4.4. Forecast Results

4.4.1. Model Comparison before and after Feature Selection

At the beginning of this section, we evaluate the performance of different models by using the predictions from the test set. Figure 8 and Figure 9 show the simulated prediction results of PM_2.5 in 12 cities using nine models. First, PM_2.5 test set data are input into four single trained models for calculation, and the PM_2.5 h predictions are compared with the measured results. The predicted PM_2.5 h concentration is close to the measured value when the measured value of PM2.5 h concentration increases rapidly, the predicted values deviate from the measured values significantly. This may be due to the redundancy of features and the influence of space-time characteristics. It is difficult to accurately predict if the model is not trained to filter feature values. The MLP model is similar to the LSTM model in that the predicted values deviate greatly from the measured values when the measured values increase or decrease sharply. The main reason why XGBoost model is not efficient is that it cannot achieve accurate prediction over time series data. When the measured values are small, the predicted values of PM_2.5 concentration are consistent with the measured values, and when the measured values are large, the predicted values are larger than the measured values. Comparing the predicted values of PM2.5 concentration of four single models in 12 cities, the LSTM model has the best predicted results.

PM_2.5 test set data are input into five trained combination models to calculate. The predicted PM_2.5 h concentration values of 12 cities are compared with the measured values which are shown in Figure 8 and Figure 9. In the figure, the predicted values of the XGBoost-MSCGL model PM_2.5 are consistent with the measured values, even when some individual PM_2.5 h concentration values increase or decrease sharply, the predicted values are close to the measured values. XGBoost-LSTM prediction is similar to XGBoost-MSCGL model in that when the measured value increases or decreases sharply, the predicted value has a smaller deviation from the measured value, but the predicted result is slightly worse than that of XGBoost-MSCGL model. When the measured value of XGBoost-MLP model is higher or lower, the predicted value has a larger deviation from the measured value and the predicted value is smaller than that of the measured value. CNN-LSTM model performs better when the measured value increases or decreases sharply. However, compared with the other eight models, its prediction effect is the worst. For PM_2.5 average concentration prediction, the predicted value is larger than the measured value. Comparing XGBoost-MLP, XGBoost-LSTM, XGBoost-CNN, XGBoost-MSCGL with CNN, LSTM, MLP, and CNN-LSTM, we found that the predicted value of the model after feature selection is closer to the measured value than that before feature selection, with a greater increase in accuracy, and a marked decrease in derivation value. Comparing the predicted values of PM2.5 h concentration of the nine models with their corresponding measured values, the XGBoost-MSCGL model had the best prediction effect.
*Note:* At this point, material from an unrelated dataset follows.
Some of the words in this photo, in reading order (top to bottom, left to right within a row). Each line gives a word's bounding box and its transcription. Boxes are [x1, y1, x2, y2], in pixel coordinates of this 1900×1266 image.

4.4.2. Model Accuracy Evaluation

The accuracy of the four models was evaluated by RMSE, MAPE, MAE, and R². The smaller the RMSE, MAPE, and MAE, the higher the accuracy of the model, and the larger the R², the higher the accuracy of the model. In order to better evaluate the error, prediction effect, and prediction accuracy of the nine models, we selected four evaluation indexes to evaluate the performance results of each model in each city, as shown in Table 4.
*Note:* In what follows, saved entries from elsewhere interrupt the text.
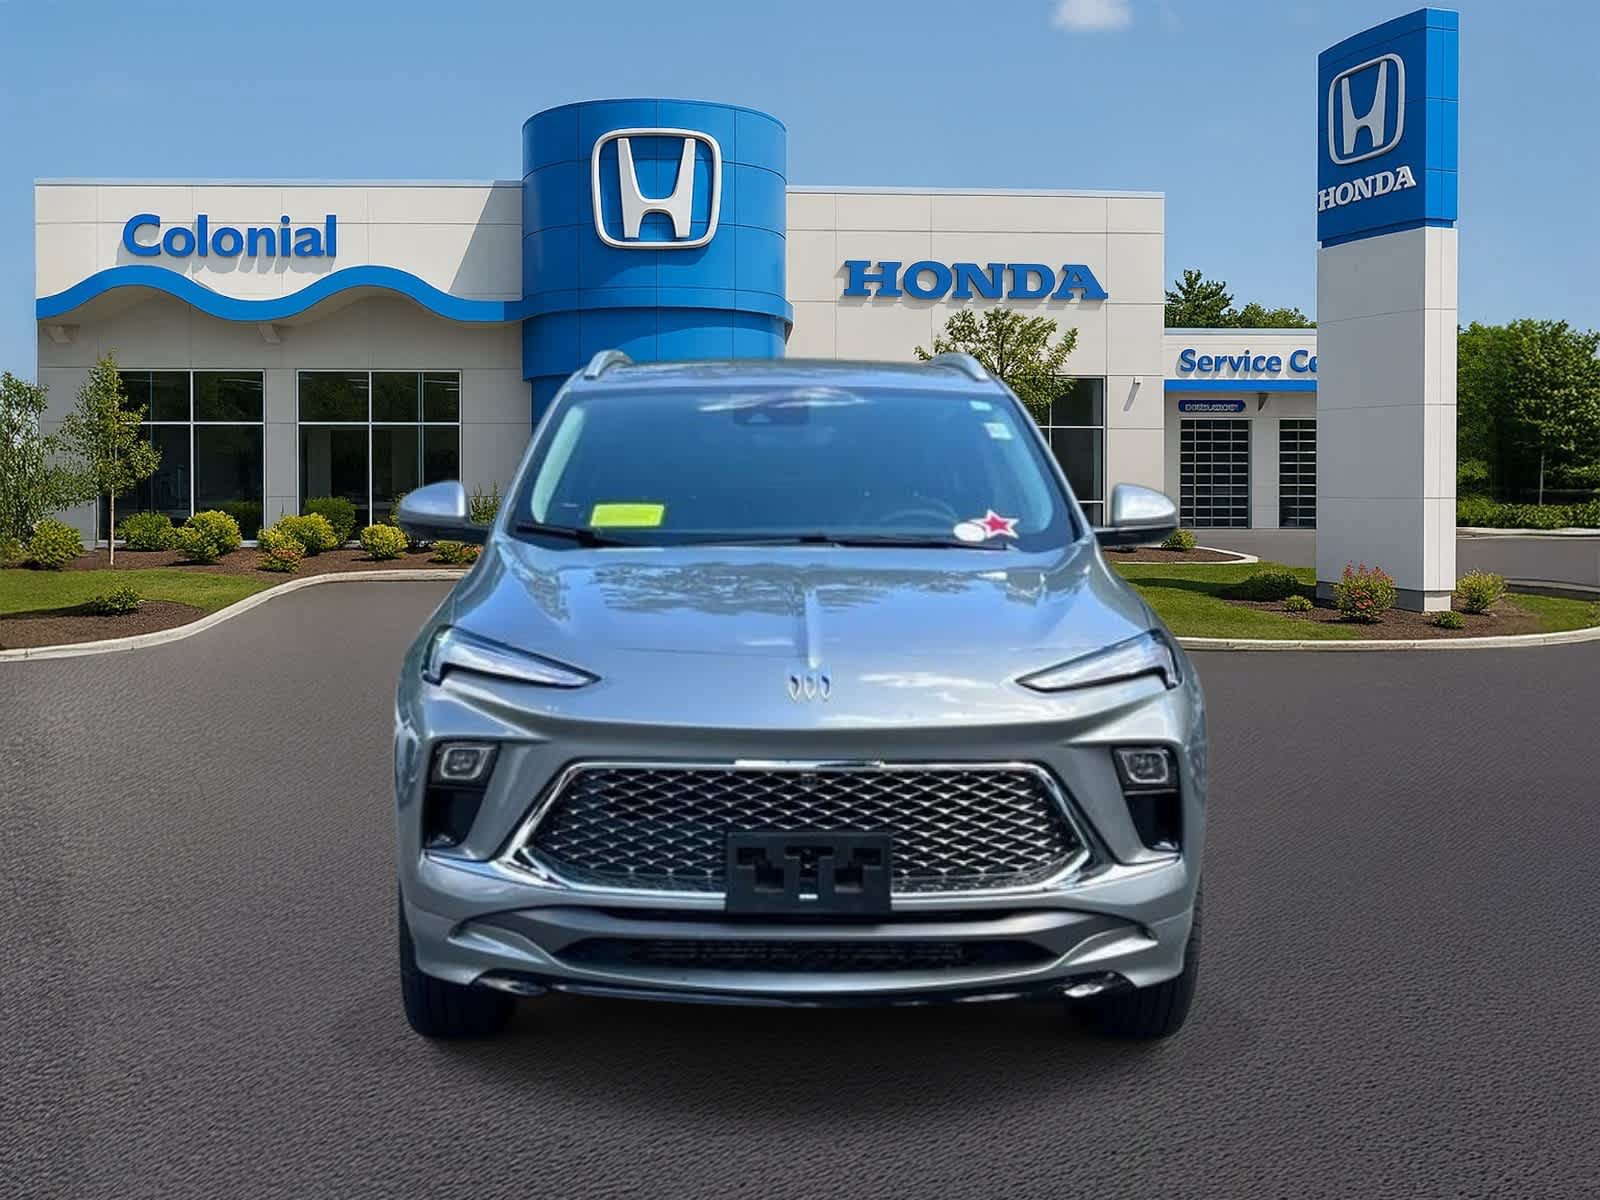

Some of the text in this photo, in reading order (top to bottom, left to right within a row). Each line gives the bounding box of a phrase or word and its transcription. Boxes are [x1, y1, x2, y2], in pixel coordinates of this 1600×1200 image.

[1318, 165, 1416, 212] HONDA
[123, 213, 337, 257] Colonial
[843, 260, 1109, 300] HONDA
[1179, 348, 1282, 373] Service
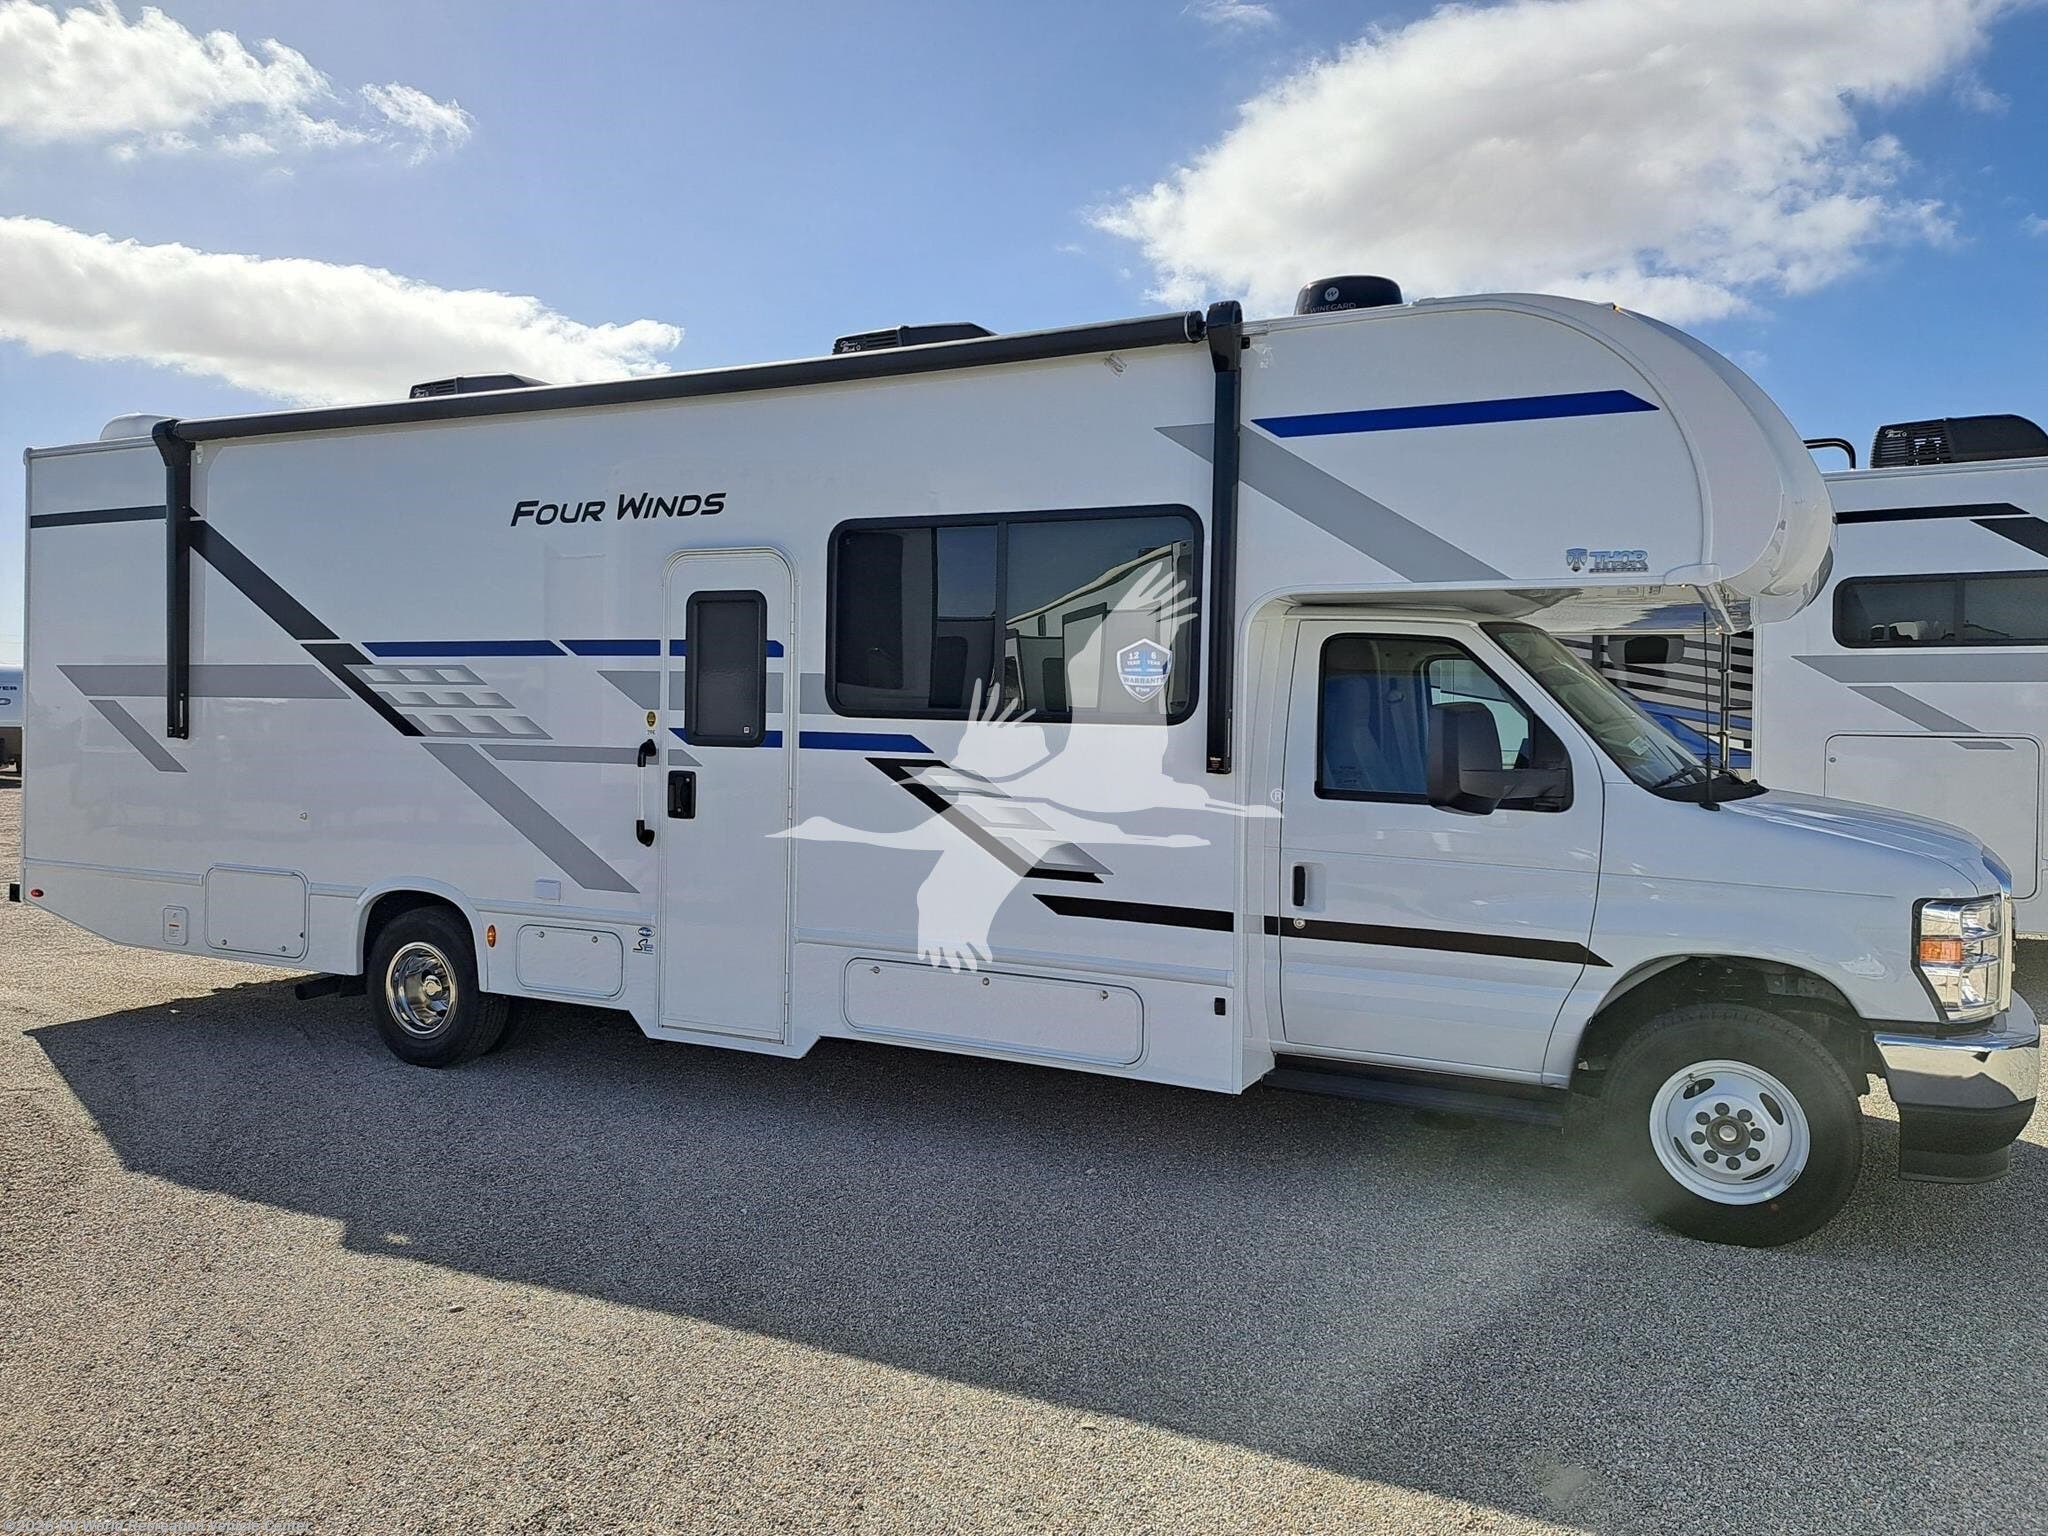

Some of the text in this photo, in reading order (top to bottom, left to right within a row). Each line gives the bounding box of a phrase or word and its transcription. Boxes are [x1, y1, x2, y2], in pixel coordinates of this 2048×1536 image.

[1309, 302, 1357, 313] WINEGARD
[1589, 550, 1649, 569] THOR
[1128, 651, 1140, 660] 12
[1151, 651, 1157, 660] 6
Among the nine models which predicted PM2.5 h concentration value, XGBoost-MSCGL had the best prediction effect. The average MAE (8.26), RMSE (5.6), MAPE (9.9), R² (0.95) in 12 models were the highest, while the XGBoost model had the worst predictive effect in nine models, with the average MAE (21.67), RMSE (15.25), MAPE (31.94%), R² (0.69) in 12 cities. R² was the smallest of the nine models. The correlation coefficient R2 of the four single models was 79.07%, which may be related to the unstable time series of PM_2.5 concentration and no screening of features during the model building process, resulting in no further improvement of model accuracy. From the prediction effect after feature selection, the overall prediction effect of the combination of feature selection based on XGboost with a single model has been remarkably improved. XGBoost-CNN and XGBoost in 12 cities prediction compared with CNN, LSTM, MLP, XGBoost-MSCGL, the values of -LSTM, XGBoost-MSCGL, and CNN-LSTMRMSE decreased by 13.25%, 28.63%, 20.16%, 21.64%, the values of MAPE decreased by 14.86%, 29.96%, 27.31%, 26.25%, respectively, and the values of MAE decreased by 17.02%, 24.90%, 32.26%, 33.68%. R² Values increased by 11.98%, 16.62%, 12.70%, and 6.80%. The results show that feature selection based on XGBoost can effectively improve the accuracy of prediction model and reduce the error. For PM_2.5 concentration prediction, feature selection can effectively improve the accuracy and reduce the overestimation or underestimation caused by redundant features.

Among the four combination models which predicted PM2.5 h concentration value after feature selection, XGBoost-MSCGL has the best prediction effect. Compared with XGBoost-CNN model and XGBoost-LSTM model, XGBoost-MLP model has slightly higher prediction accuracy with correlation coefficient R²(0.83). The prediction results of XGBoost-CNN model are the worst among the four models, MAE (7.98), RMSE (11.07), MAPE (13.96), R²(0.9). XGBoost-MSCGL is better than XGBoost-MLP, XGBoost-LSTM, and XGBoost-CNN in predicting performance, with RMSE, MAE, and MAPE decreasing 11.11%, 15.97%, 15.36%, and R² increasing 3%, respectively, in 12 cities. Overall, XGBoost-MSCGL is better than XGBoost-MLP, XGBoost-LSTM, and XGBoost-CNN in predicting performance. As for cities, XGBoost-MSCGL performed best in Xi’an with MAE (3.94), MAPE (5.59), R² (0.98). The worst in Xianyang was RMSE (12.65), MAE (8.25), and Lv Liang’s R² (85.78).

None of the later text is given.